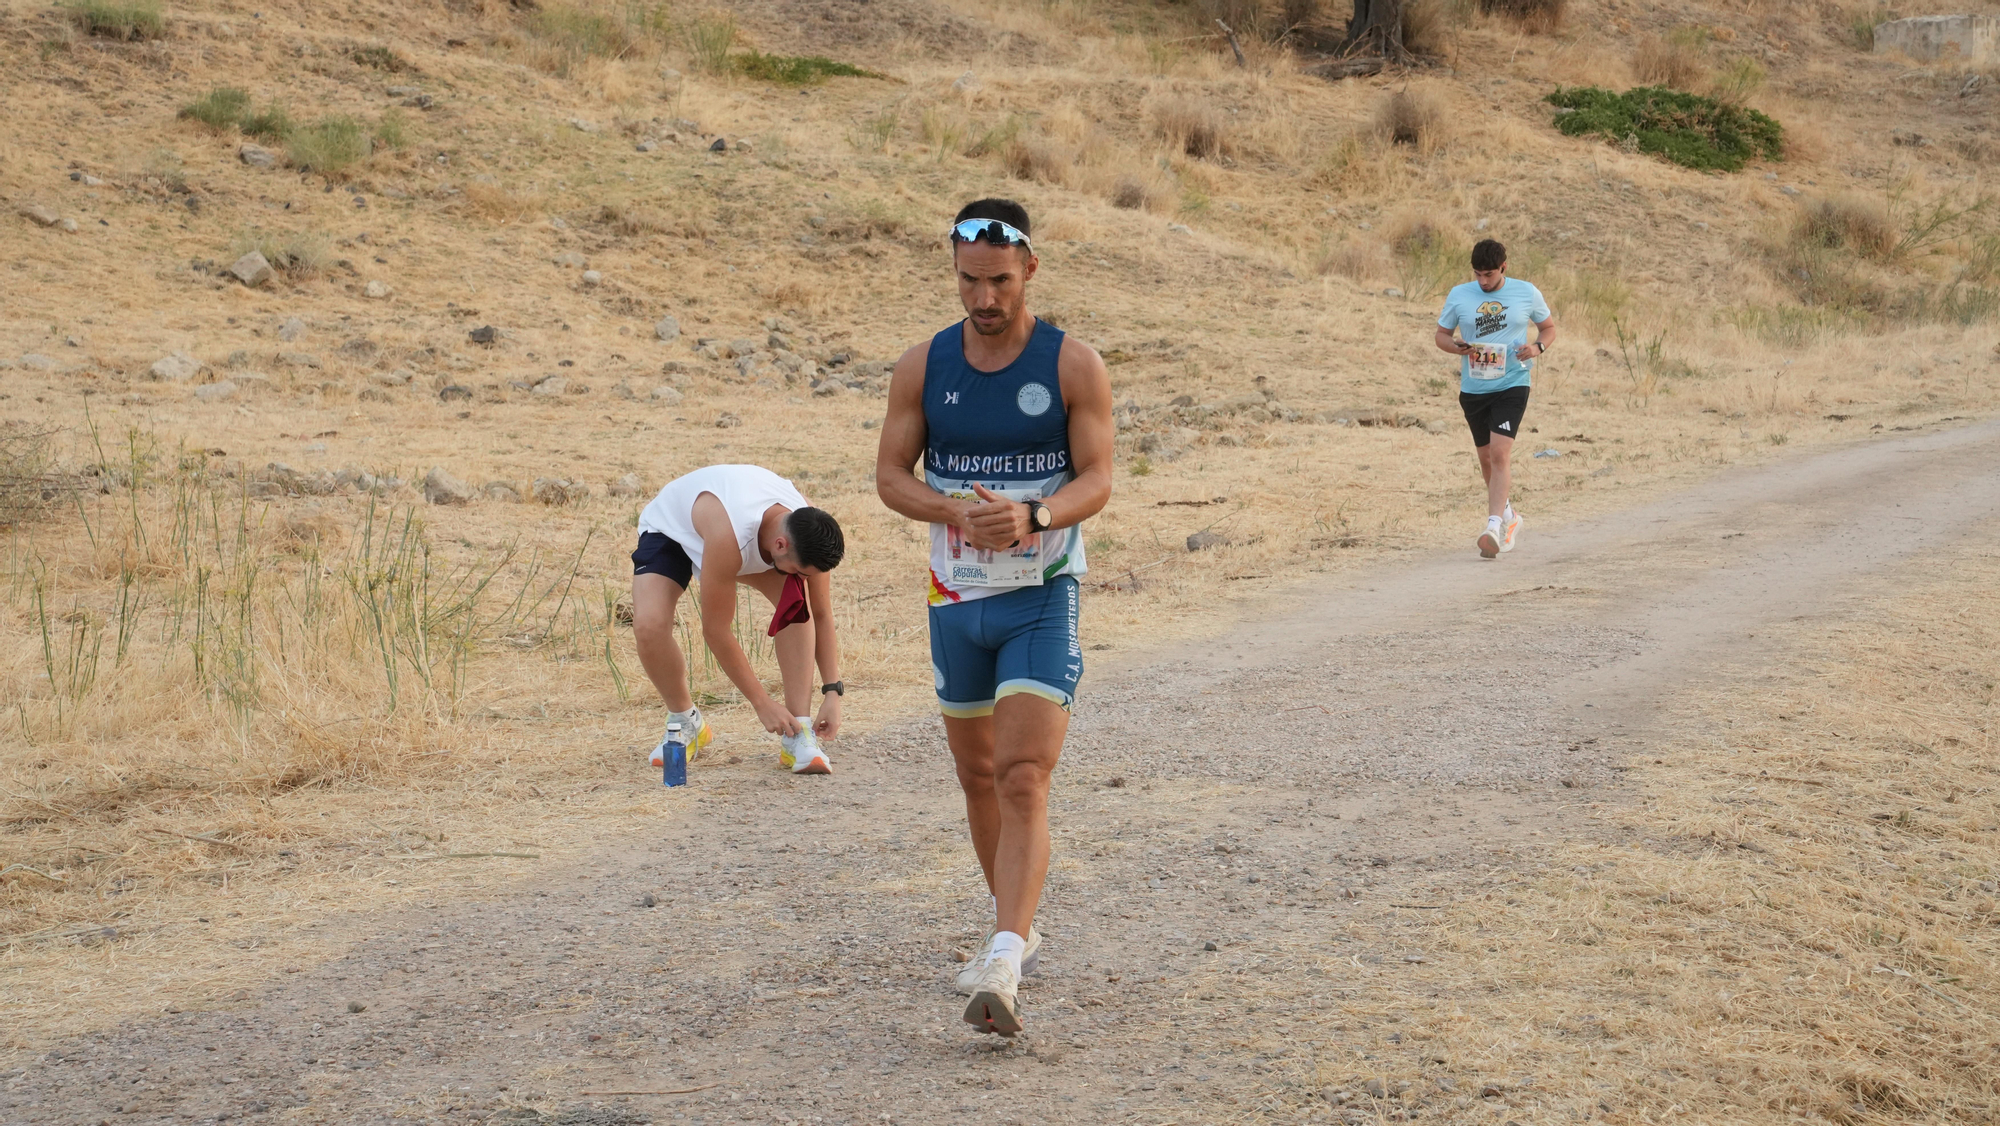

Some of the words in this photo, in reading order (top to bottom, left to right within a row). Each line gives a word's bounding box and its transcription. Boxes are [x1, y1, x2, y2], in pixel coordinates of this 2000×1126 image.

[1475, 352, 1497, 364] 211
[928, 447, 944, 469] C.A.
[947, 450, 1066, 474] MOSQUETEROS
[1067, 585, 1080, 658] MOSQUETEROS
[1065, 662, 1080, 683] C.A.
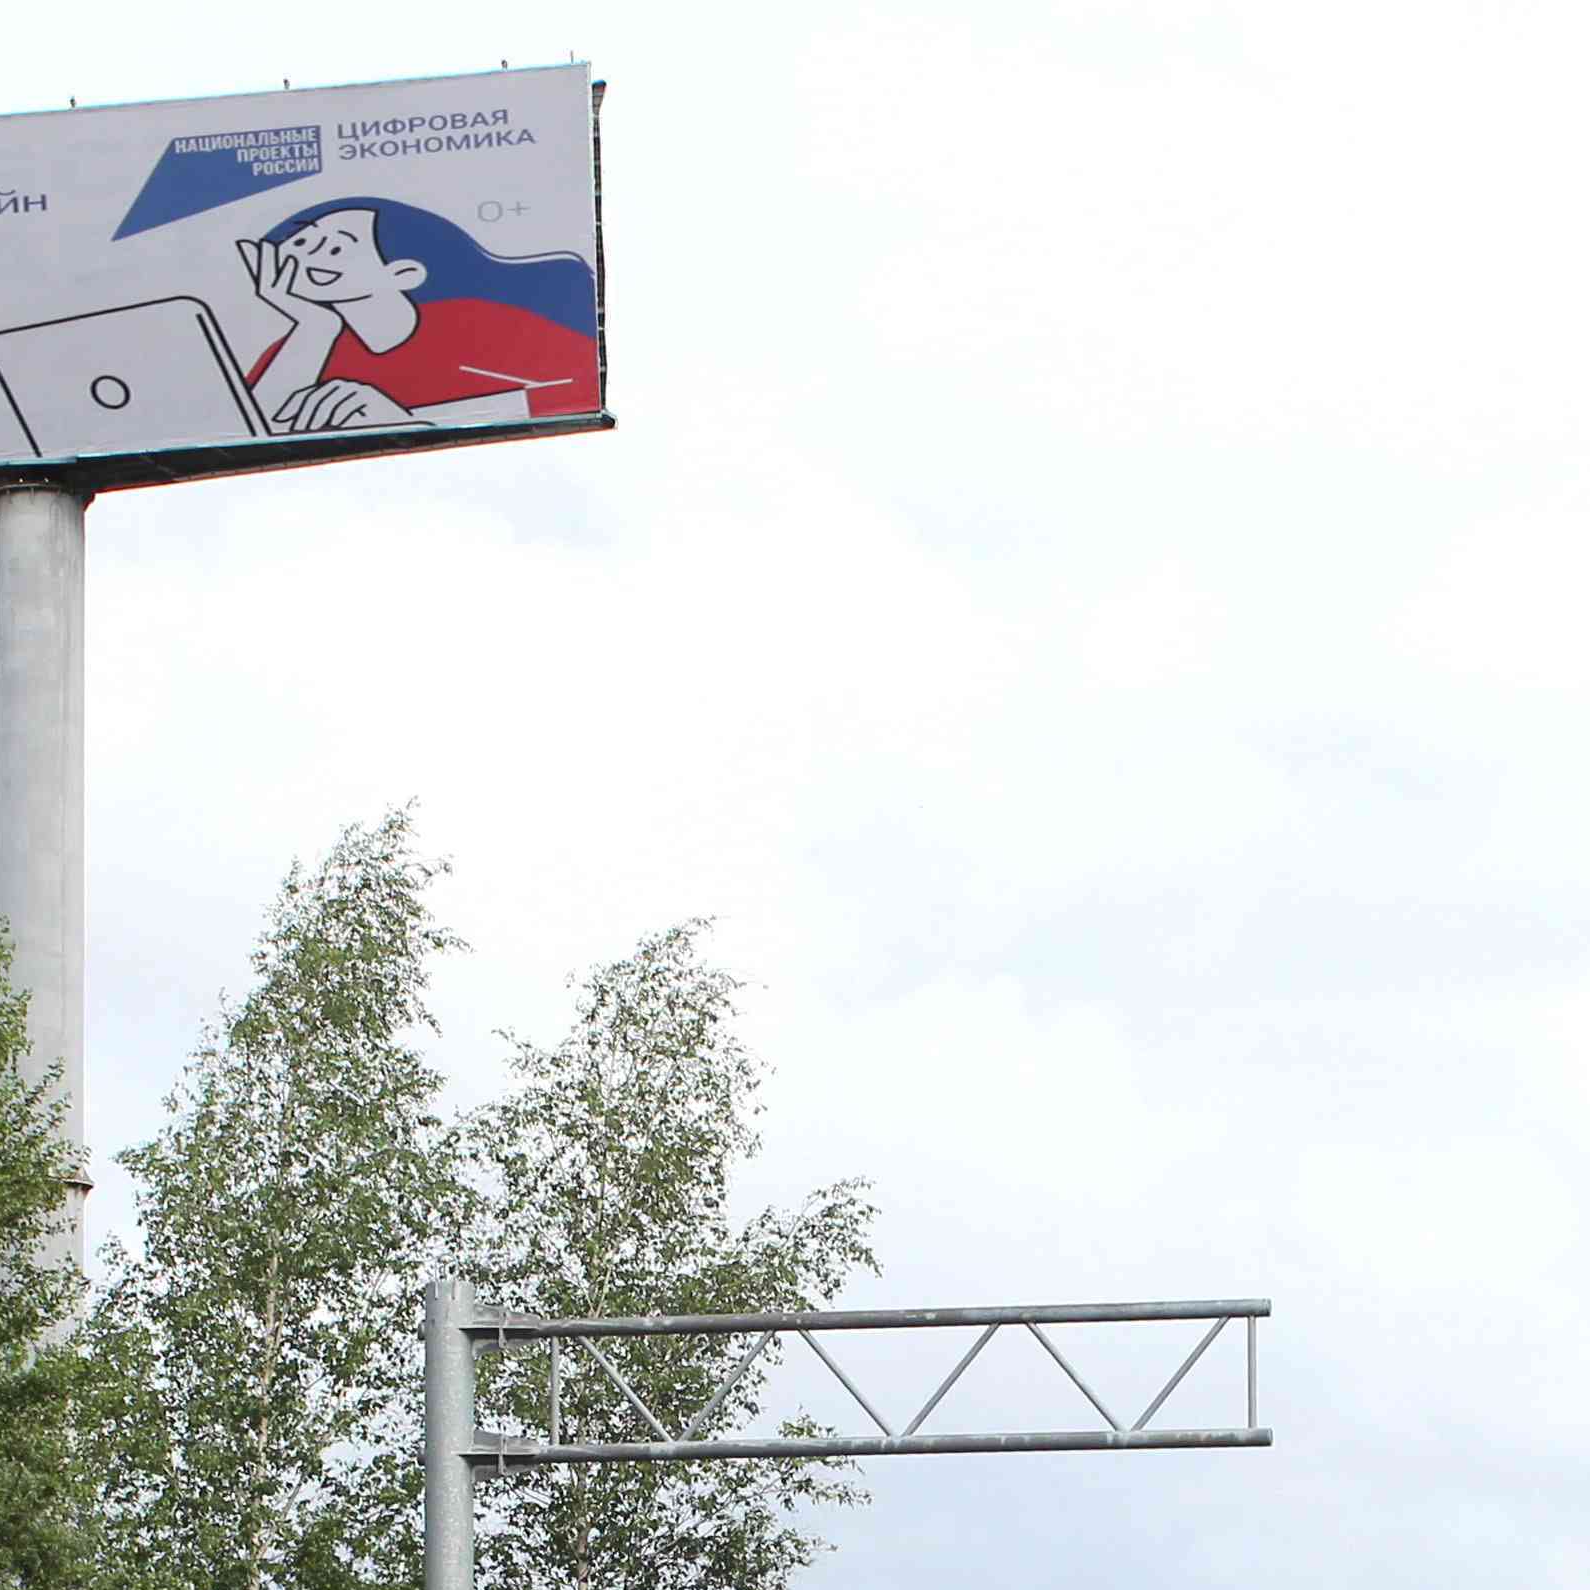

• • •

# Problem to work on:
Return the listing above in an exact copy that leaves out the images.

# Expected answer:
Some of the words in this photo, in reading order (top to bottom, left to right within a row). Each line gives a word's bounding box and its transcription. Boxes are [x1, y1, x2, y2], in pixel coordinates of this 2000×1126 image.

[1475, 352, 1497, 364] 211
[928, 447, 944, 469] C.A.
[947, 450, 1066, 474] MOSQUETEROS
[1067, 585, 1080, 658] MOSQUETEROS
[1065, 662, 1080, 683] C.A.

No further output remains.